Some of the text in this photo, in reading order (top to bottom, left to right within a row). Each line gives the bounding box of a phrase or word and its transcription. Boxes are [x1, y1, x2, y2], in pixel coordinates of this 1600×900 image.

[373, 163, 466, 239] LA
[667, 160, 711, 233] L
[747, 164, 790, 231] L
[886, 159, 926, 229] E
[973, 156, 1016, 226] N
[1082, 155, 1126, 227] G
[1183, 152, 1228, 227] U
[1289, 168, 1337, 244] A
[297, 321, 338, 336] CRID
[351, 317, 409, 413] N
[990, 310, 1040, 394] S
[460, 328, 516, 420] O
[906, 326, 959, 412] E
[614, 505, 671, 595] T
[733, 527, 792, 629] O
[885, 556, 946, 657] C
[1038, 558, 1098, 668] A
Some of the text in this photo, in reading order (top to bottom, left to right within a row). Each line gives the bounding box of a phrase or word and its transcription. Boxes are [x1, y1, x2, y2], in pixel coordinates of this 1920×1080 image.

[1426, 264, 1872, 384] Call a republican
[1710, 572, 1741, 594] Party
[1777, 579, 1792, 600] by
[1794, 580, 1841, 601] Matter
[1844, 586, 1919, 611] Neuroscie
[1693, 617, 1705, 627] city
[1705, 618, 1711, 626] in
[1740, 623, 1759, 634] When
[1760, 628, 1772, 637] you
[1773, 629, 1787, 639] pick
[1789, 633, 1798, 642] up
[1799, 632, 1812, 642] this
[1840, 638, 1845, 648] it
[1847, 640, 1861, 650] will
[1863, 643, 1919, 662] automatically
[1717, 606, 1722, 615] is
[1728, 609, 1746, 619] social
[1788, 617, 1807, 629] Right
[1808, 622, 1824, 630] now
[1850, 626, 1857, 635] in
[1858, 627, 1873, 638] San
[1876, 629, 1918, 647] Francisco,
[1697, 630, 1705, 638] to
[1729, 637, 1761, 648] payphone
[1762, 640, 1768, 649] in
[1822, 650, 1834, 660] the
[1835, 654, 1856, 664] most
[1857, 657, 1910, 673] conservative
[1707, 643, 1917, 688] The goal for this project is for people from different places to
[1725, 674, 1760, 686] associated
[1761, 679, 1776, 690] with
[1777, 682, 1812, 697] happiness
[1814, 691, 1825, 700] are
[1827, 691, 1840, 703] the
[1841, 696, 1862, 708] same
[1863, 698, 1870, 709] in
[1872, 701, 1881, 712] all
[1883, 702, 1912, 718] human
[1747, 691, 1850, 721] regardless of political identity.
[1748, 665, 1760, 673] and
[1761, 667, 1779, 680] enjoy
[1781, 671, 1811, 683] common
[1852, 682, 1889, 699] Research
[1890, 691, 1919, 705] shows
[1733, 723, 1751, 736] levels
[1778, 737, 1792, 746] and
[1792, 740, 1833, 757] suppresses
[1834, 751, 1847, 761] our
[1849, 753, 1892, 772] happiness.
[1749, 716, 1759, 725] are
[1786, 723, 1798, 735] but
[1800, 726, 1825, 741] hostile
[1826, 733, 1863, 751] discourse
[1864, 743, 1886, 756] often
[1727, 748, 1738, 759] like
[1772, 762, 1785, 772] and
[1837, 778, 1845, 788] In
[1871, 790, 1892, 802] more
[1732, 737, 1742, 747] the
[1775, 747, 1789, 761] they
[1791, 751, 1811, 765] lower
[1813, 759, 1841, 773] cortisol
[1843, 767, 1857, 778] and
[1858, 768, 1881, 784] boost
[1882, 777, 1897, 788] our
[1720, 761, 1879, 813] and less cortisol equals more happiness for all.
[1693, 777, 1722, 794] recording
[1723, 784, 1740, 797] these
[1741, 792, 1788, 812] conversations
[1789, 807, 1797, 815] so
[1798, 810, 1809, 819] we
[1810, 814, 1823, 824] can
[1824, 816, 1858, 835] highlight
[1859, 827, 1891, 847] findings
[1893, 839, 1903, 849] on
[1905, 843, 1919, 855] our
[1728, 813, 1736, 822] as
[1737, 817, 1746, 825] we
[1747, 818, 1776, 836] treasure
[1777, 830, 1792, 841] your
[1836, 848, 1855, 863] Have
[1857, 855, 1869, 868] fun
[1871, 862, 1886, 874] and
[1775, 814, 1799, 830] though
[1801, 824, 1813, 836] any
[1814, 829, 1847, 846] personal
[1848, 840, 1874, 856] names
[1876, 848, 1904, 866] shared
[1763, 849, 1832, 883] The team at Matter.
# # #
* [EXERCISE DESCRIPTION] Once a line of the records is found to contain "Matter", copy it out.

* [EXPECTED ANSWER]
[1794, 580, 1841, 601] Matter
[1763, 849, 1832, 883] The team at Matter.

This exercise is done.